My own bias is to compost wood before tilling it INTO the soil, to avoid the nitrogen deficit problem that Stone mentioned. Composting it for even just a few months with a lot of "greens" like coffee grounds or green grass clippings would turn it into incredibly fantastic compost.
Umm - if the ground wood really is as fine as sawdust, I don't know if it will be an ideal top-dress-mulch, either. If it packs together TOO tightly, it might rot and heat up, or grow fungus, or possibly even choke the soil from exchanging oxygen and CO2 with the atmosphere. But I've never used mulch that fine, so take that with three grains of salt. It might work fine, or you might only need to break it up with an iron rake after heavy rains.
The finer the grind, the more severe the competition for nitrogen will be, if you till it under before composting. The sawdust feeds and stimulates the growth of soil bacteria and fungi, which then SUCK ALL the N and other nutrients out of the soil before root hairs have a chance to get any. I like that initial "composting" step to occur in a compost heap, instead of making plants try to compete with fungi for nutrients (they lose that competition).

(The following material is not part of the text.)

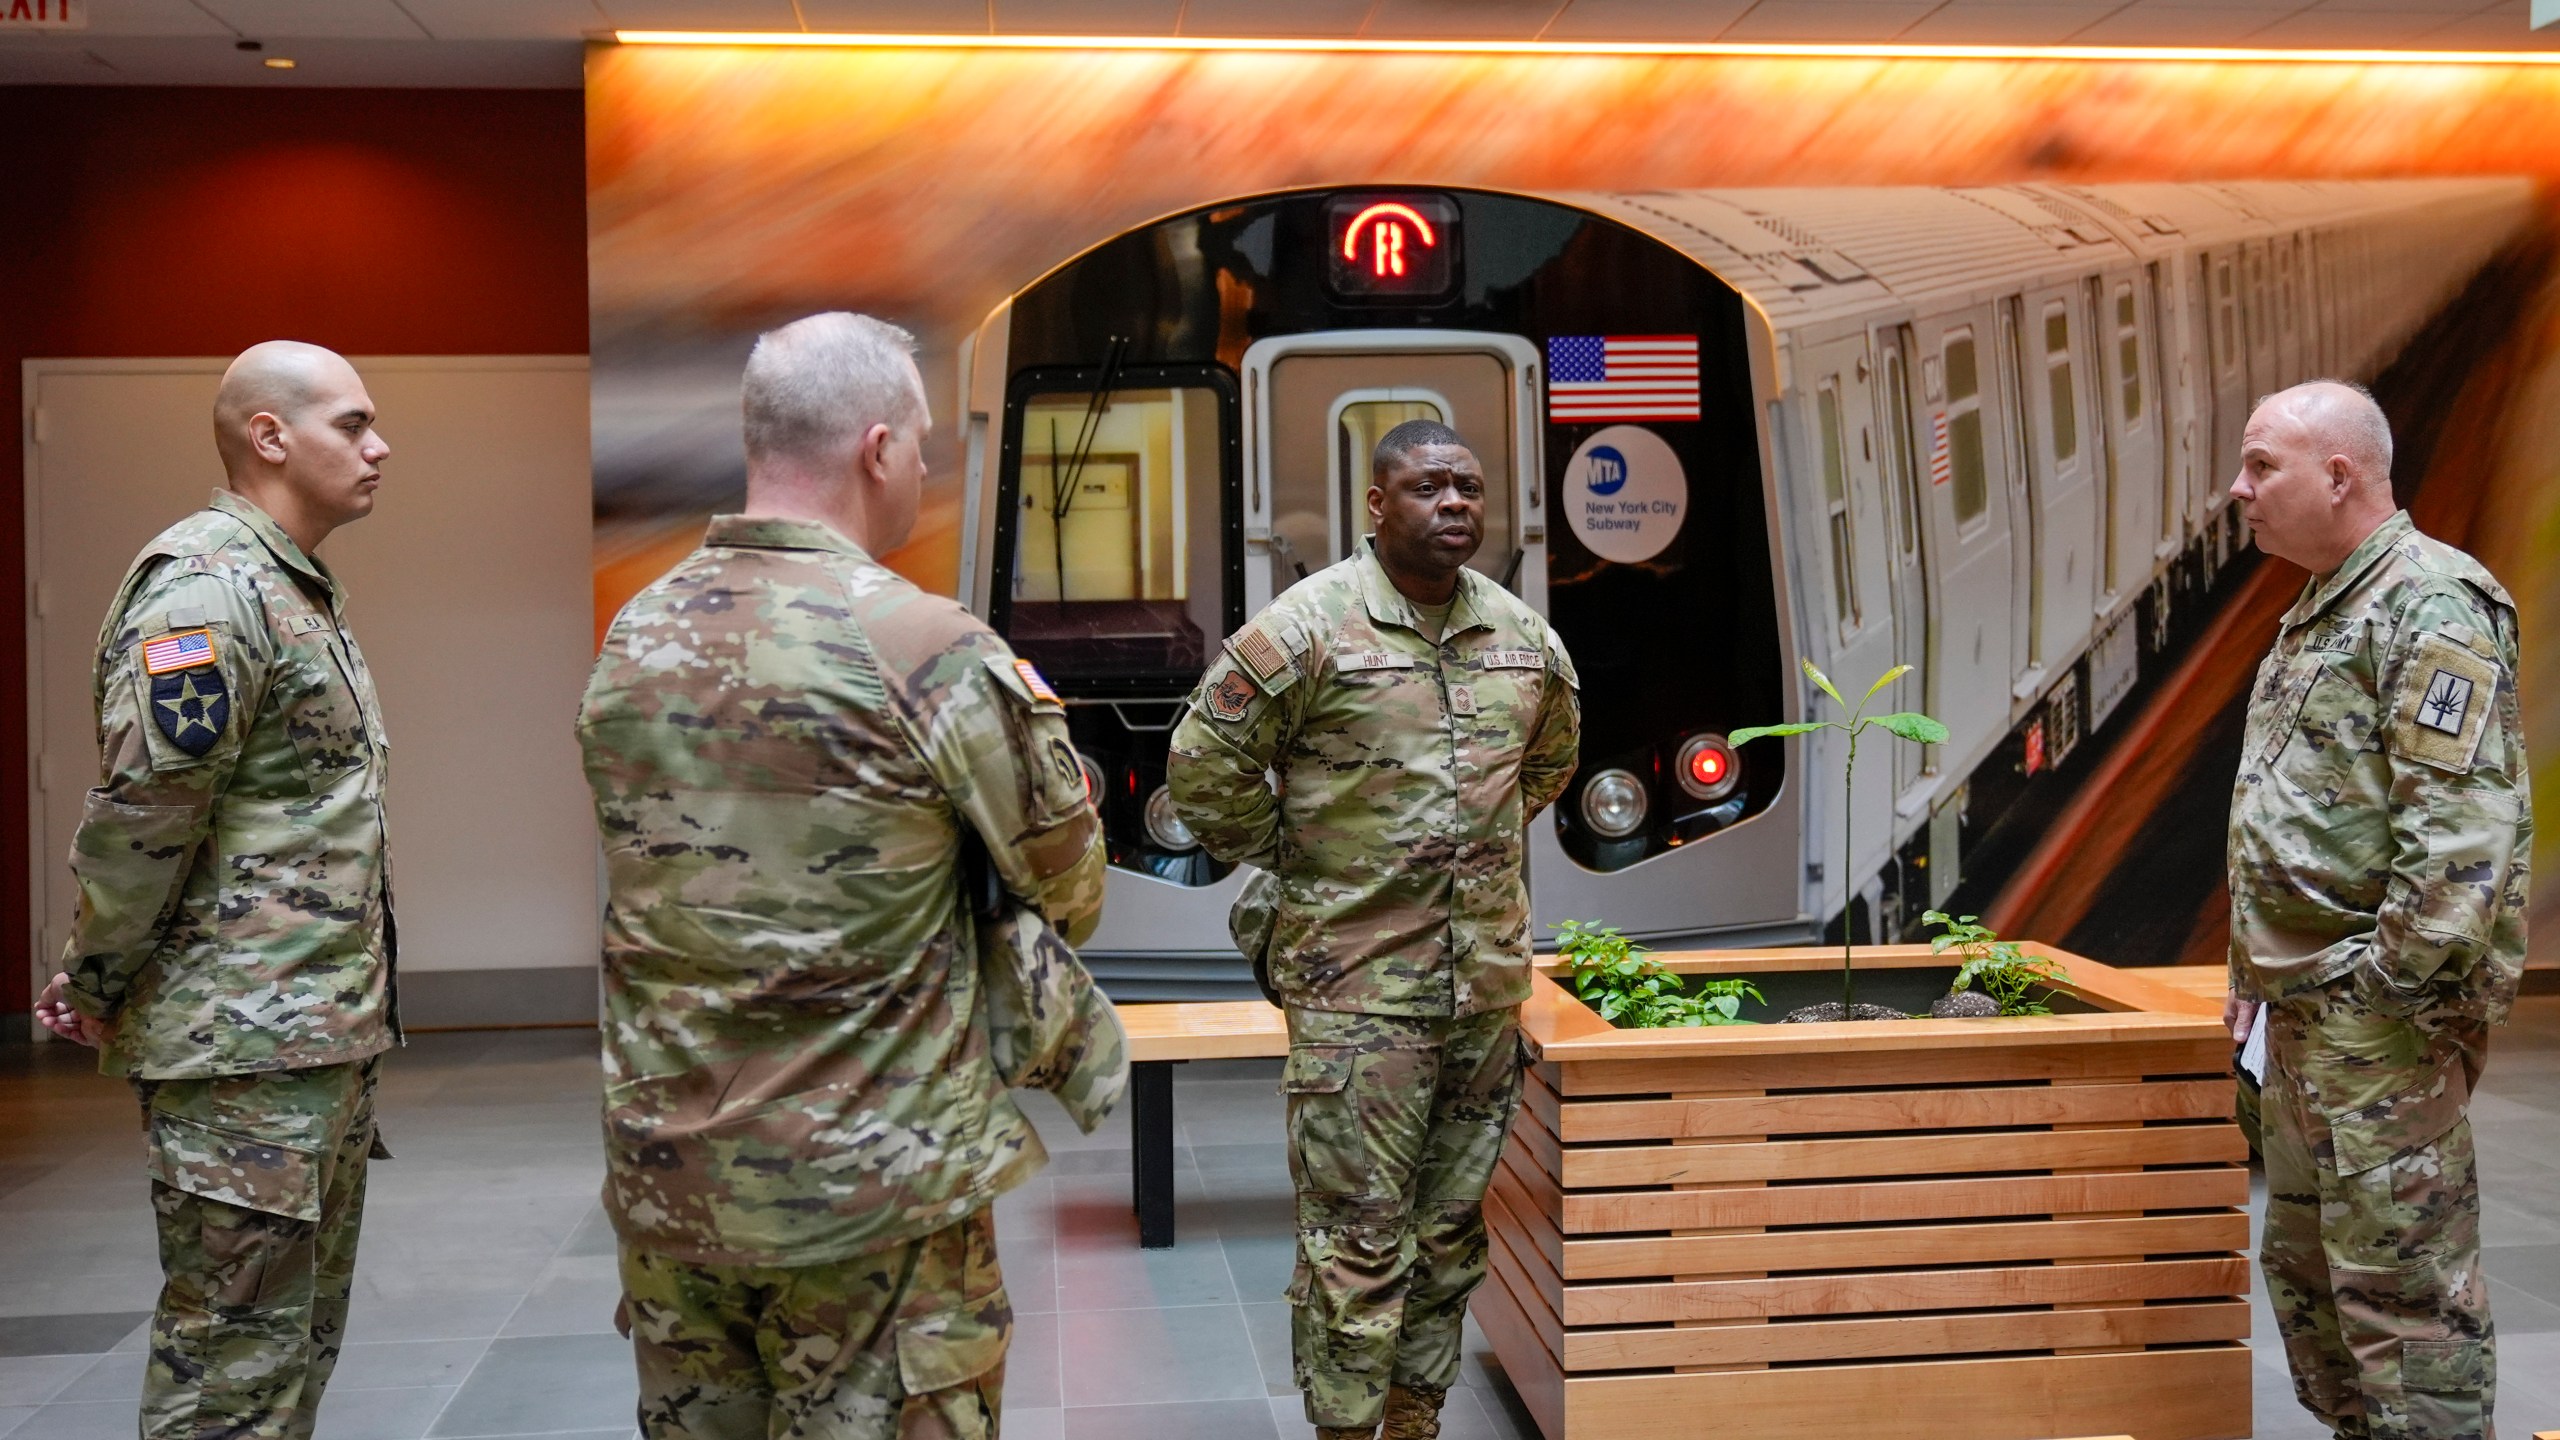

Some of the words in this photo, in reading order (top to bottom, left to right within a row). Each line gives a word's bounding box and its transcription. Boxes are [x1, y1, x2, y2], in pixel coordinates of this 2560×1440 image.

When I threw a few bags of woody mulch into one small bed and tilled it under, almost nothing grew there for a year, despite trying to over-fertilize it with high-N fertilizer. When I dug it up to see the problem, it was the ugliest mass of white, powdery fungus I had ever seen. Fortunately, it was well-digested by next spring and the bed came back to fertility.
But you may be able to balance the "woody amendment nitrogen deficit" problem with frequent fertilization to some degree, even the first year.
Or screen all the coarse stuff out of the grindings and use that as mulch, then compost the remaining fine stuff for some weeks or months.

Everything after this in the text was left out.